Your task >> The answer must give back every line of the data exactly, with no pictures.

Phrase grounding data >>
----
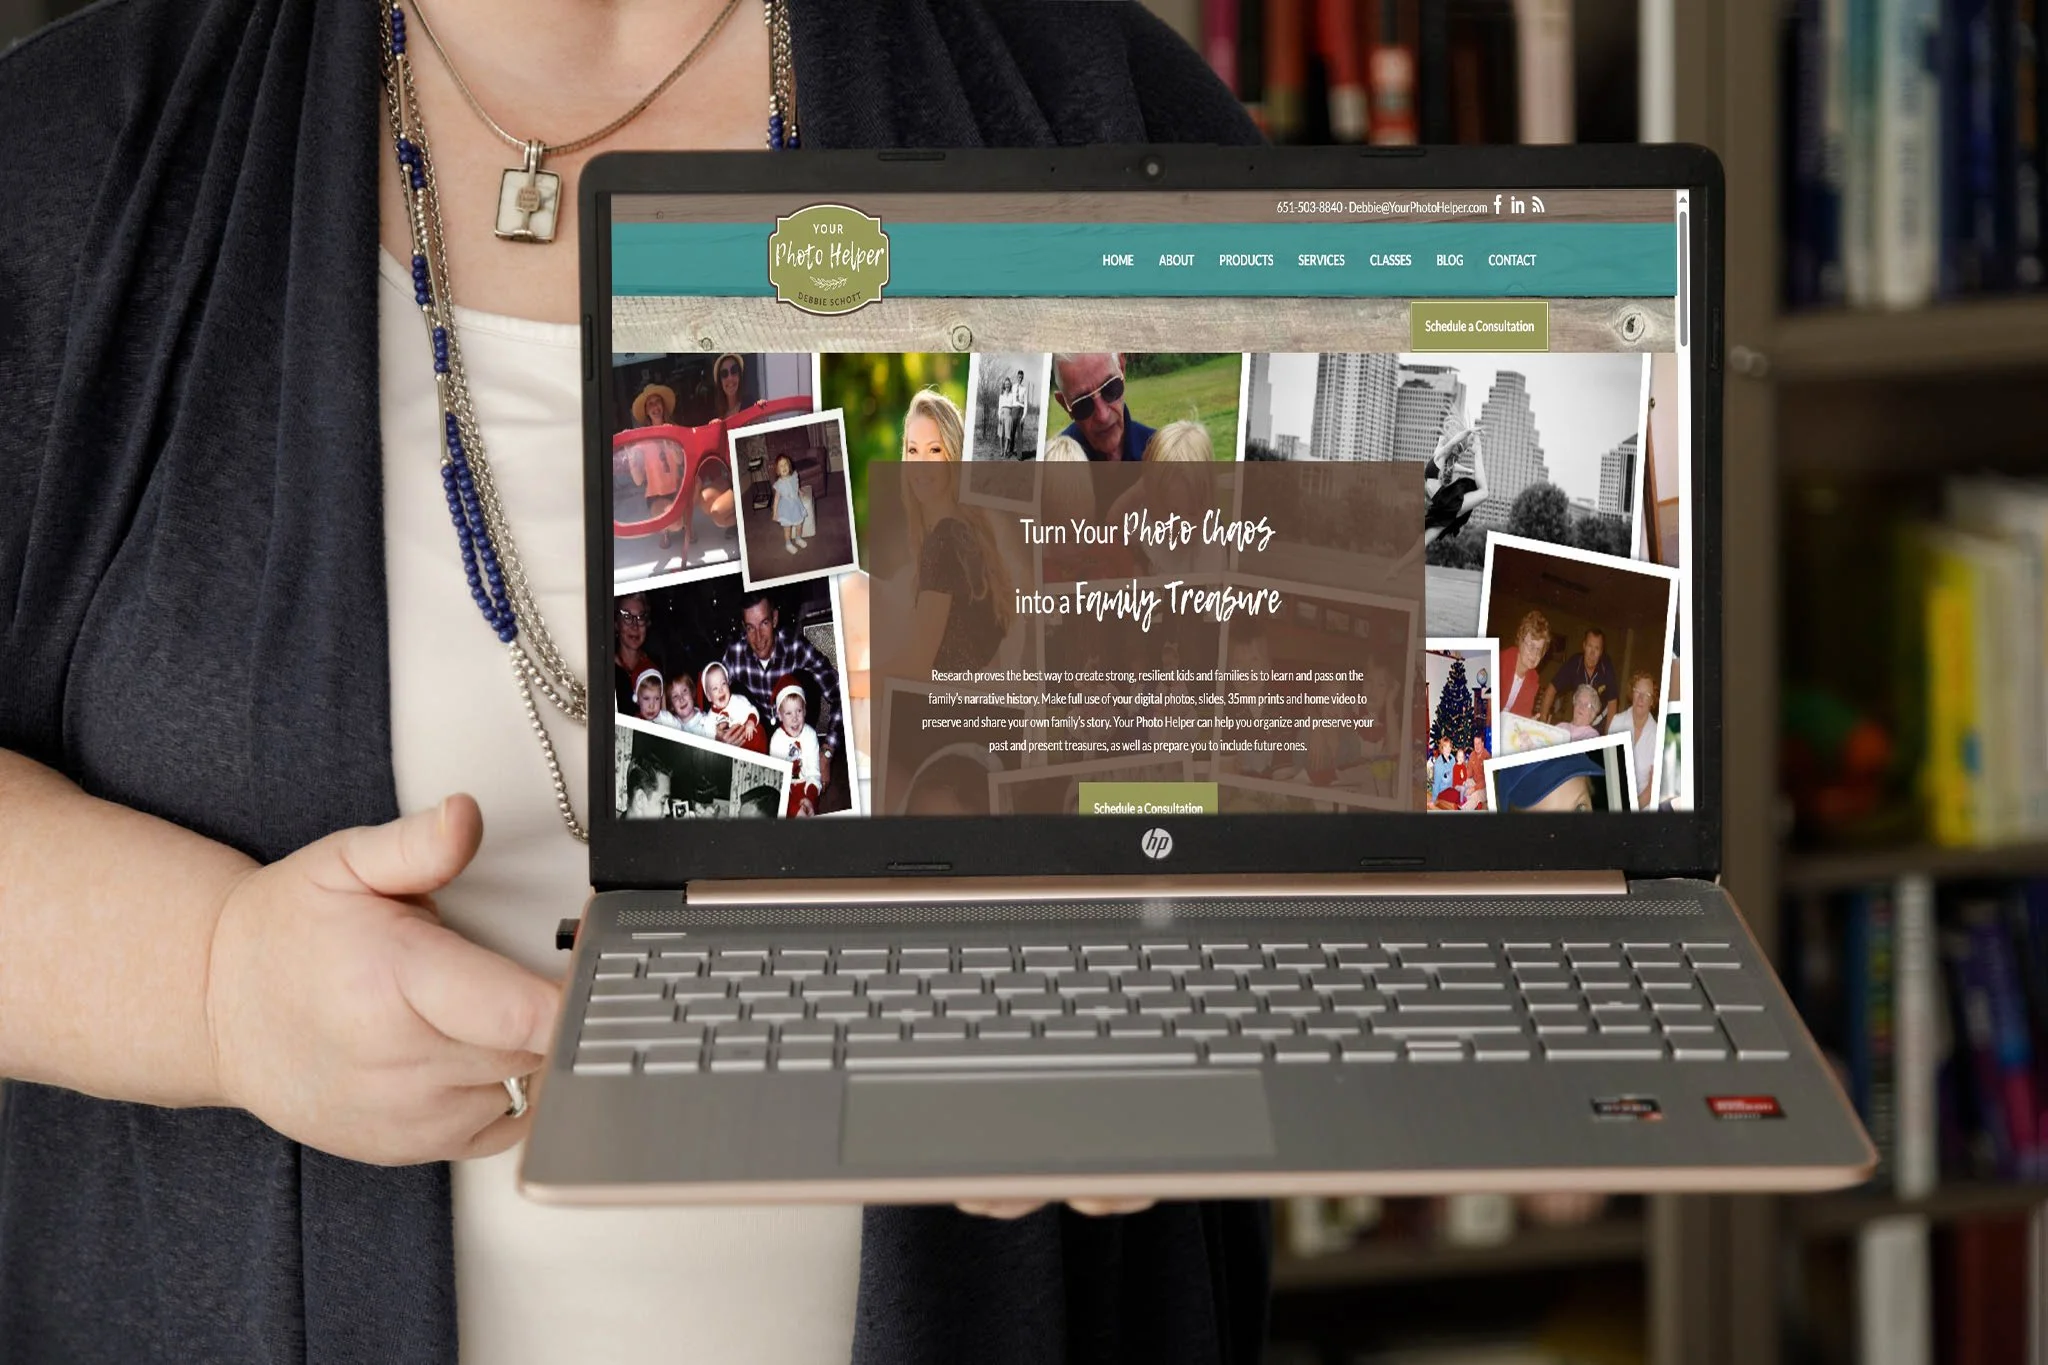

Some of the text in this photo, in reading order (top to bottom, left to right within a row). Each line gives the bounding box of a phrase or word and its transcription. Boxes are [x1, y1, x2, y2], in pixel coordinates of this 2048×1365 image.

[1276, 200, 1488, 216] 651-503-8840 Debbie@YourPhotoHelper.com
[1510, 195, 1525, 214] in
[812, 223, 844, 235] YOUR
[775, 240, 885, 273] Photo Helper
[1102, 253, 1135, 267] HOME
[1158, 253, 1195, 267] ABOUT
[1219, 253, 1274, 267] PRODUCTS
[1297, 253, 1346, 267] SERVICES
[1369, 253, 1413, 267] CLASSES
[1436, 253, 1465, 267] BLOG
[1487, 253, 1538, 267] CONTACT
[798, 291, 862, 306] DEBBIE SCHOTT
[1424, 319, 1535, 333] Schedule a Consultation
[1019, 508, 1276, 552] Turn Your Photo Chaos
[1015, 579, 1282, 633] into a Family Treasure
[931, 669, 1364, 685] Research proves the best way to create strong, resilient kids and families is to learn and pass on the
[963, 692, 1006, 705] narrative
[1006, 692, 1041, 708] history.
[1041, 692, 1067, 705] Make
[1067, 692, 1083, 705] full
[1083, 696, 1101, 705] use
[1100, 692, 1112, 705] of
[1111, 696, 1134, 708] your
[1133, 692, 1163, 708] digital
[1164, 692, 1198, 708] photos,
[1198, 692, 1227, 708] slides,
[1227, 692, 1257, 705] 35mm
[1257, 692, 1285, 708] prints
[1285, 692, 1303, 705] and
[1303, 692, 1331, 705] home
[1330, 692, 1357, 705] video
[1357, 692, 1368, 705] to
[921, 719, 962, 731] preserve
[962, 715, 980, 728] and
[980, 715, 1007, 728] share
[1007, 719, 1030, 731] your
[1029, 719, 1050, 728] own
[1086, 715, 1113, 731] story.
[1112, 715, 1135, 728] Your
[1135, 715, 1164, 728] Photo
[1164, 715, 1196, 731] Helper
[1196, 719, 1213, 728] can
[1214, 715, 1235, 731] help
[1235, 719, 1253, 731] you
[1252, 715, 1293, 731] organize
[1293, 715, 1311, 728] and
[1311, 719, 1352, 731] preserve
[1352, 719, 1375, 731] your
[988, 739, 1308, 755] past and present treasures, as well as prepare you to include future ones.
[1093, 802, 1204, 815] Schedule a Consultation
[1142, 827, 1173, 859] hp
----
Exercise answer >>
Some of the text in this photo, in reading order (top to bottom, left to right within a row). Each line gives the bounding box of a phrase or word and its transcription. Boxes are [x1, y1, x2, y2], in pixel coordinates of this 2048×1365 image.

[1276, 200, 1488, 216] 651-503-8840 Debbie@YourPhotoHelper.com
[1510, 195, 1525, 214] in
[812, 223, 844, 235] YOUR
[775, 240, 885, 273] Photo Helper
[1102, 253, 1135, 267] HOME
[1158, 253, 1195, 267] ABOUT
[1219, 253, 1274, 267] PRODUCTS
[1297, 253, 1346, 267] SERVICES
[1369, 253, 1413, 267] CLASSES
[1436, 253, 1465, 267] BLOG
[1487, 253, 1538, 267] CONTACT
[798, 291, 862, 306] DEBBIE SCHOTT
[1424, 319, 1535, 333] Schedule a Consultation
[1019, 508, 1276, 552] Turn Your Photo Chaos
[1015, 579, 1282, 633] into a Family Treasure
[931, 669, 1364, 685] Research proves the best way to create strong, resilient kids and families is to learn and pass on the
[963, 692, 1006, 705] narrative
[1006, 692, 1041, 708] history.
[1041, 692, 1067, 705] Make
[1067, 692, 1083, 705] full
[1083, 696, 1101, 705] use
[1100, 692, 1112, 705] of
[1111, 696, 1134, 708] your
[1133, 692, 1163, 708] digital
[1164, 692, 1198, 708] photos,
[1198, 692, 1227, 708] slides,
[1227, 692, 1257, 705] 35mm
[1257, 692, 1285, 708] prints
[1285, 692, 1303, 705] and
[1303, 692, 1331, 705] home
[1330, 692, 1357, 705] video
[1357, 692, 1368, 705] to
[921, 719, 962, 731] preserve
[962, 715, 980, 728] and
[980, 715, 1007, 728] share
[1007, 719, 1030, 731] your
[1029, 719, 1050, 728] own
[1086, 715, 1113, 731] story.
[1112, 715, 1135, 728] Your
[1135, 715, 1164, 728] Photo
[1164, 715, 1196, 731] Helper
[1196, 719, 1213, 728] can
[1214, 715, 1235, 731] help
[1235, 719, 1253, 731] you
[1252, 715, 1293, 731] organize
[1293, 715, 1311, 728] and
[1311, 719, 1352, 731] preserve
[1352, 719, 1375, 731] your
[988, 739, 1308, 755] past and present treasures, as well as prepare you to include future ones.
[1093, 802, 1204, 815] Schedule a Consultation
[1142, 827, 1173, 859] hp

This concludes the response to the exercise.